Yarp. As expected of him...

http://www.youtube.com/watch?v=0Id44xvrvWo


----------



## StachuK1992 (Sep 2, 2010)

YES!!! <3

Hrm, perhaps I'll actually bother finishing now - learning CLS before OLL was


----------



## Andreaillest (Sep 2, 2010)

<3 Badmephisto.


----------



## Anonymous (Sep 4, 2010)

I should really get around to OLL. Hopefully it'll be easier like people say it will be after COLL...


----------



## clarubik (Sep 4, 2010)

just practice them over and over 1 alg a day


----------



## davidgreece (Sep 4, 2010)

maybe meph should make a video on how to recognize OLLs i can't recognize some of them


----------



## FatBoyXPC (Sep 4, 2010)

Look for bars and their position to the shape of the OLL. That's usually a pretty good hint. Like the small lightning bolts. Two of them are fat sune / fat anti sune (and there are two sets of bars in the F/L/B/R faces of the U layer), and the other two shaps only have one bar. Things like that.


----------



## davidgreece (Sep 4, 2010)

fatboyxpc said:


> Look for bars and their position to the shape of the OLL. That's usually a pretty good hint. Like the small lightning bolts. Two of them are fat sune / fat anti sune (and there are two sets of bars in the F/L/B/R faces of the U layer), and the other two shaps only have one bar. Things like that.
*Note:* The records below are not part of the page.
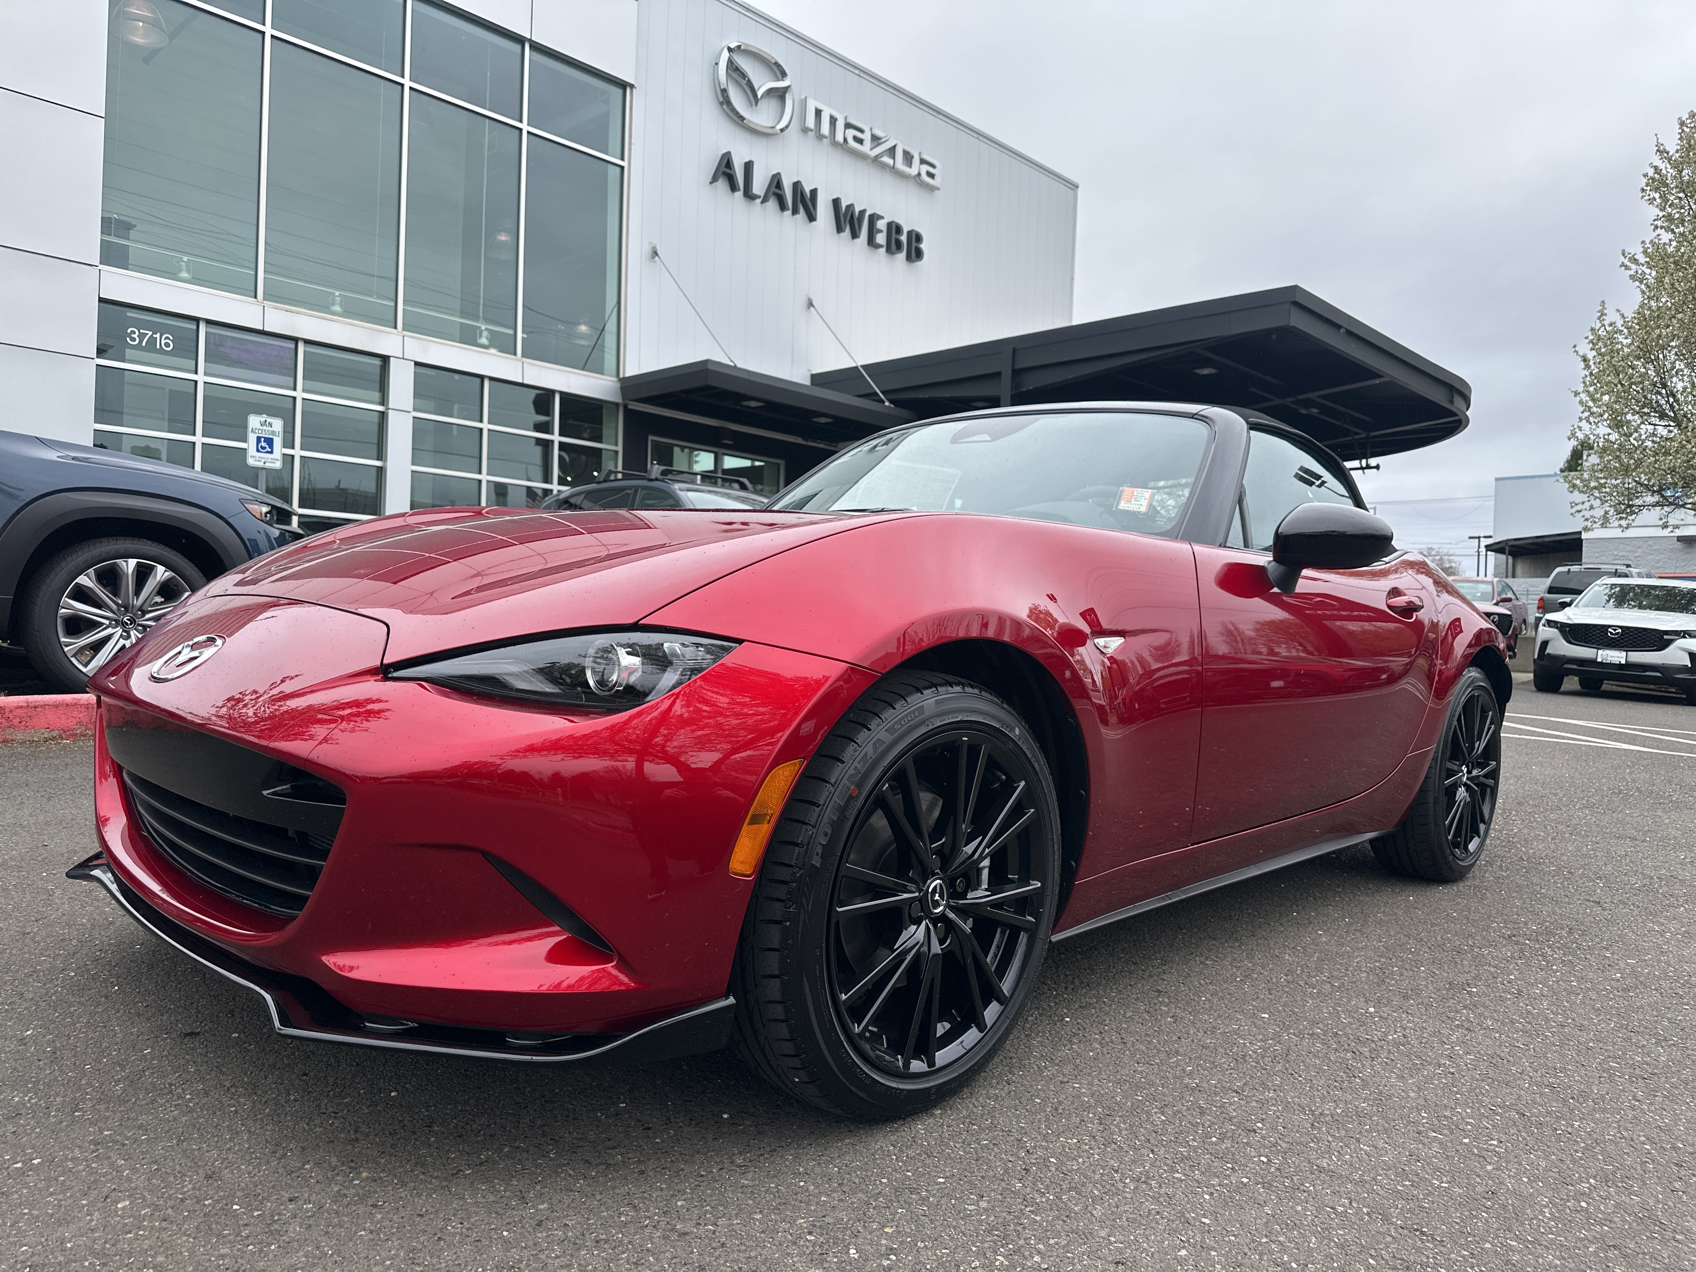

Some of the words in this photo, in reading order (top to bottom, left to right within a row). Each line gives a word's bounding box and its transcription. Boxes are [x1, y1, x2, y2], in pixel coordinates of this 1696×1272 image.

[801, 96, 941, 191] mazda
[709, 150, 818, 223] ALAN
[832, 197, 924, 263] WEBB
[126, 327, 174, 351] 3716
[250, 427, 281, 437] ACCESSIBLE
[259, 419, 273, 428] VAN
[812, 737, 886, 867] POTENZA
yea i hate those lightning bolt OLLs its hard to recognize them if you have to do an AUF and then do the OLL i don't know how to recognize them at a different angle


----------



## FatBoyXPC (Sep 4, 2010)

Just look for double bars. If you see double bars you know it'll be fat sune/antisune. If no double bars learn to recognize which ways the bars point if it's only a single bar for the other two small bolt shapes. There are the large bolt shapes that are kind of like a Z, only two of those, and the way I recognize those is put the bars pointing to the right, I'll then know if it's R' F or R B'. I know to move the bars to the opposite side (so if the bar is at BU slot then do R' F etc and if it's at FU slot do R B' etc).
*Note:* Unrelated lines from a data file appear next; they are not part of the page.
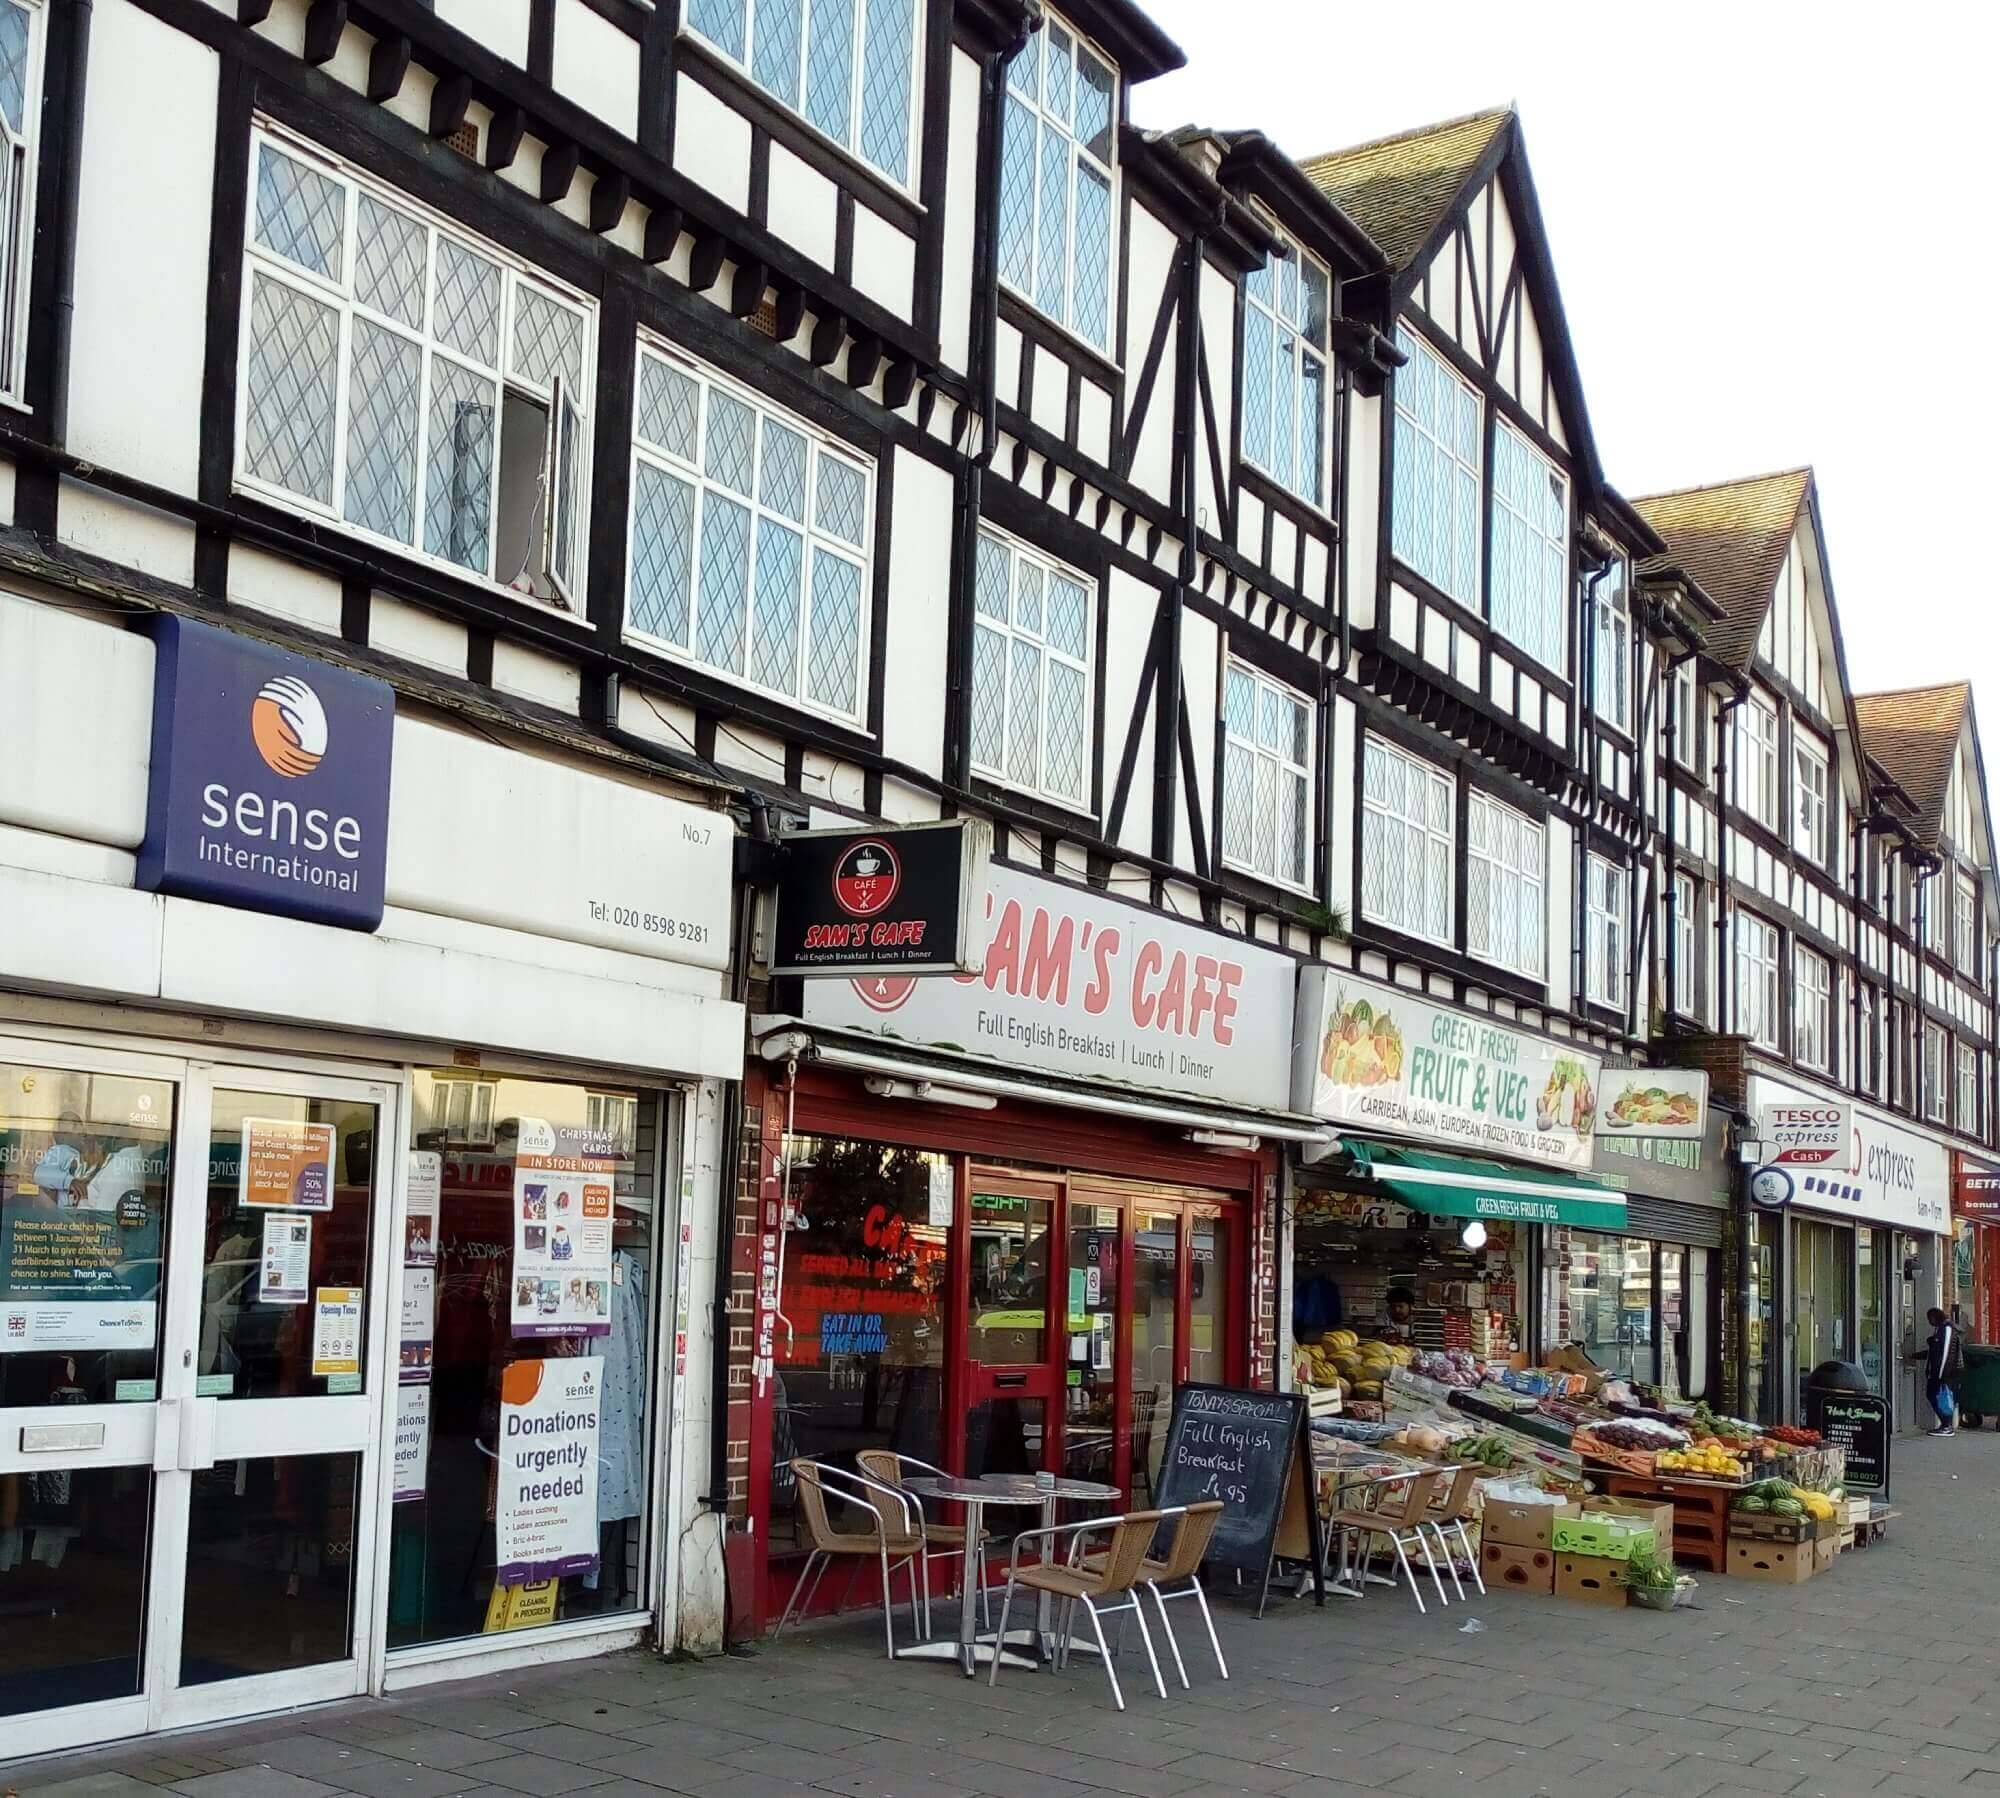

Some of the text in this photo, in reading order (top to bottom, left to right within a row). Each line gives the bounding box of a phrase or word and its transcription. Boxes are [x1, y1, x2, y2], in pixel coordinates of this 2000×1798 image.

[201, 783, 361, 859] sense
[682, 823, 711, 846] No.7
[199, 835, 359, 893] International
[588, 900, 708, 943] Tel: 020 8598 9281
[804, 920, 927, 949] SAM'S CAFE
[835, 951, 868, 960] Breakfast
[877, 951, 899, 960] Lunch
[908, 950, 932, 959] Dinner
[952, 892, 1244, 1047] AM'S CAFE
[977, 1010, 1214, 1080] Full English Breakfast Lunch Dinner
[1432, 1013, 1519, 1066] GREEN FRESH
[1410, 1046, 1529, 1122] FRUIT & VEG
[129, 1112, 159, 1124] sense
[1772, 1110, 1840, 1122] TESCO
[1360, 1096, 1411, 1126] CARRIBEAN,
[1412, 1107, 1439, 1131] ASIAN,
[1440, 1114, 1481, 1138] EUROPEAN
[1482, 1124, 1510, 1145] FROZEN
[1510, 1130, 1529, 1147] FOOD
[1537, 1136, 1567, 1156] GROCERY
[524, 1135, 550, 1147] sense
[560, 1128, 614, 1143] CHRISTMAS
[1775, 1131, 1838, 1146] express
[261, 1151, 276, 1159] sale
[582, 1143, 613, 1155] CARDS
[1791, 1150, 1821, 1160] Cash
[530, 1158, 603, 1172] IN STORE NOW
[1868, 1141, 1914, 1200] express
[306, 1179, 321, 1189] 50%
[1965, 1178, 2000, 1189] BETF
[1476, 1197, 1500, 1214] GREEN
[1500, 1200, 1519, 1217] FRESH
[1520, 1202, 1539, 1217] FRUIT
[1545, 1204, 1559, 1219] VEG
[14, 1220, 39, 1230] Please
[41, 1220, 68, 1231] donate
[69, 1222, 94, 1231] clothes
[13, 1233, 47, 1243] between
[55, 1234, 85, 1244] January
[13, 1246, 23, 1254] 31
[25, 1246, 50, 1254] March
[62, 1247, 76, 1256] give
[78, 1247, 106, 1256] children
[11, 1257, 65, 1267] deafblindness
[67, 1258, 73, 1266] in
[75, 1258, 98, 1269] Kenya
[11, 1269, 39, 1278] chance
[41, 1270, 48, 1278] to
[73, 1269, 97, 1279] Thank
[320, 1304, 357, 1317] Opening Times
[822, 1314, 848, 1332] EAT
[849, 1314, 862, 1333] IN
[864, 1314, 882, 1333] OR
[565, 1385, 595, 1397] sense
[507, 1410, 596, 1437] Donations
[1181, 1420, 1271, 1452] Full English
[516, 1442, 588, 1473] urgently
[1178, 1445, 1246, 1474] Breakfast
[520, 1474, 584, 1503] needed
[513, 1509, 534, 1517] Ladies
[512, 1518, 568, 1531] Ladies accessories
[513, 1545, 562, 1559] Books and media
[519, 1596, 548, 1608] CLEANING
[520, 1607, 551, 1619] PROGRESS
Most OLLs have easy recognition like this. Such as the sune/antisune that turns it into a T shape (has headlights with two dots, you put it so one dot is on R and then you either have front headlights or back headlights, you move R toward the headlights and finish out the alg). Etc.

The bolt pattern that gives me the most problem is OLL 12 (F RUR'U' F' U F RUR'U' F'). I get that somewhat mixed up with the other one with just a single bar quite a bit and have to AUF a few times to get it right. Although the "fat" version of OLL 10 (y' R U R' U R' F R F' R U2 R'). That's the 3rd alg listed but I like redundancy because it makes it easier to learn OLLs (with the given similarities).
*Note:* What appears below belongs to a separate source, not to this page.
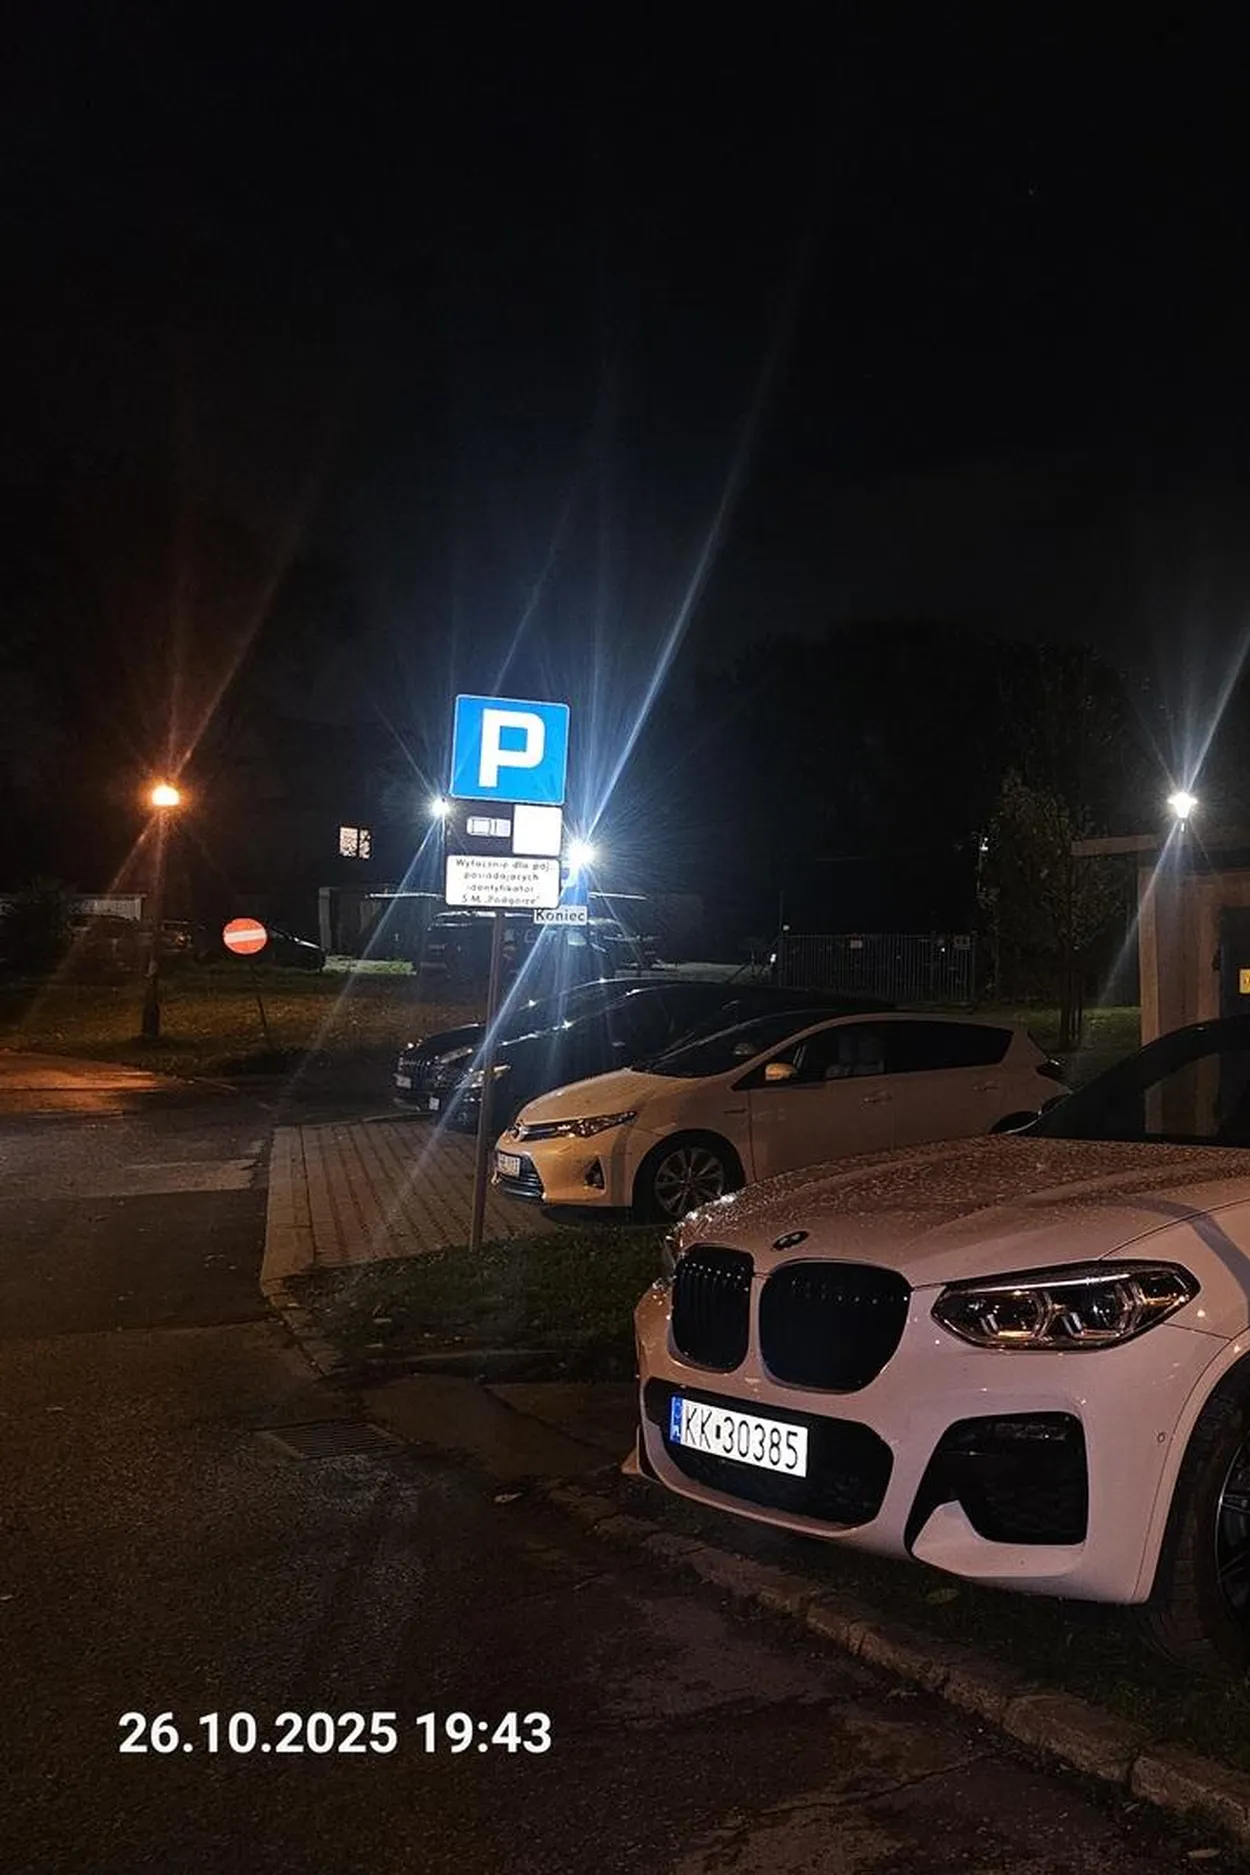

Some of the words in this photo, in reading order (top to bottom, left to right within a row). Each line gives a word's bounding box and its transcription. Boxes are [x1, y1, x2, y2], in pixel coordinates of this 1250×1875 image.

[478, 708, 546, 787] P
[536, 909, 585, 921] Koniec
[685, 1406, 712, 1449] KK
[722, 1417, 798, 1469] 30385
Another trick: With the dot cases like OLL 3 and 4, if doing OLL 4 is awkward because of the U instead of the U', then you can do f R U R' U' f' U' f U R U' R' f' instead (it's the T shape backwards as if the T is on the left instead of right. Meaning if you see the T on the left you can do f' U R U' R' f' instead of U2 F R U R' U' F'). You can do that same trick as the T with the B shapes with the straight line (OLL 43 and 44).

Learning the inverse of cases makes things easier. Such as the H shape and Manta shape can be solved using the F/f sexy move F'/f' (F SM' F' f SM f' and f SM' f' F SM F'). You can also do neat things with F/f SM F/f' AUF F/f SM/SM' F'/f/.


----------